Note that the doctring warning D100 will be raised in each code cell because the code cell it treated as a Python module and the style guide requires it to be prefixed with docstring. Hopefully, a way of disabling certain warnings will be provided in a future version of the magic.
a=1
b = [1,2,3]
map = None
Correctly formatted code should have whitespace around the operator and after each ,
in the list. Any variable names that clash with Python reserved words are warned against.
a = 1
b = [1, 2, 3]
my_map = None
Several style conventions are associate with function definitions, including function naming and the requirement for a correctly styled docstring:
def myFunction(txt):
a=1
print(txt)
return
Note that unused arguments are identified and warned about.
A well formatted function takes the following form:
def my_function(txt):
"""Print a simple annotated message and return a number."""
a = 1
print(txt)
return a
Several tools are available that can be used to repair unstyled code, where possible:
One such tool is provided by the Python autopep8
package.

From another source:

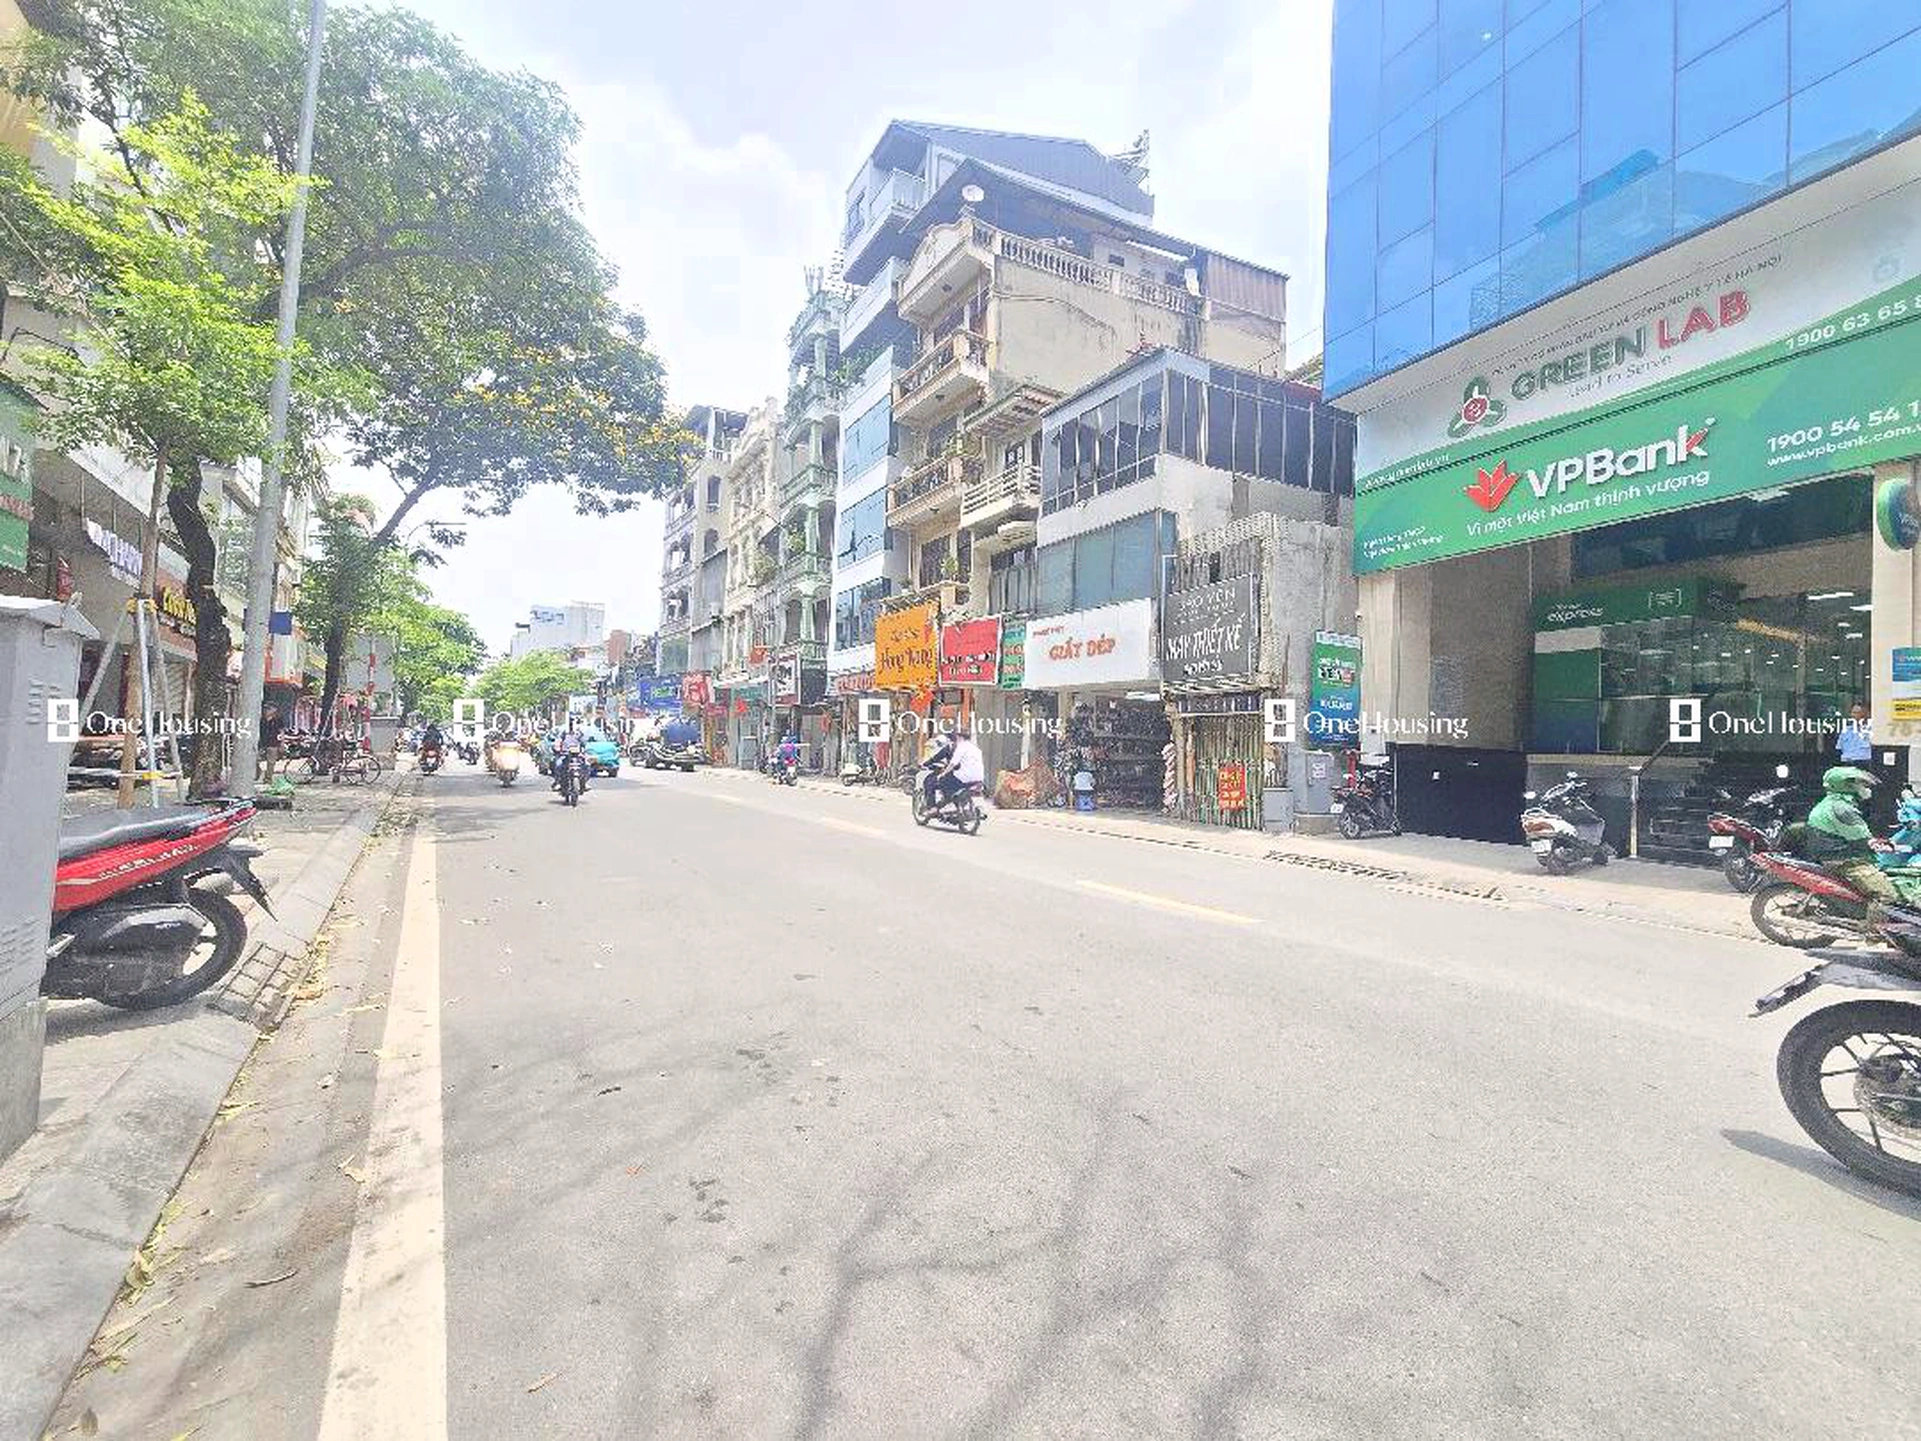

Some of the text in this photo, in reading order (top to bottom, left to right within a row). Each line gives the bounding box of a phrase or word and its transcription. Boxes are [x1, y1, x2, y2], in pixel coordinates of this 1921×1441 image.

An autopep8
extension is provided as part of the jupyter_contrib_nbextensions
package but it requires the installation of the autopep8
dependency to work:
%%capture
!pip install --user autopep8
#Enable the extension
!jupyter nbextension enable code_prettify/autopep8
The autopep8
extension configurator can be found here: code_prettify/autopep8.
Reload the notebook to see the enabled toolbar button (a hammer).
When a code cell such as the following code cell is selected, clicking the toolbar button will repair the code styling insofar as such repairs are possible.
def myFunction(txt):
a=1
print(txt)
return
Additional tools, including ones that run automatically, will be described in another document.
Whilst automatic code styling support tools are undoubtedly useful, when learning good practice it can often be more useful — if not also slightly more annoying! — to receive a warning each time you do make a stylistic error.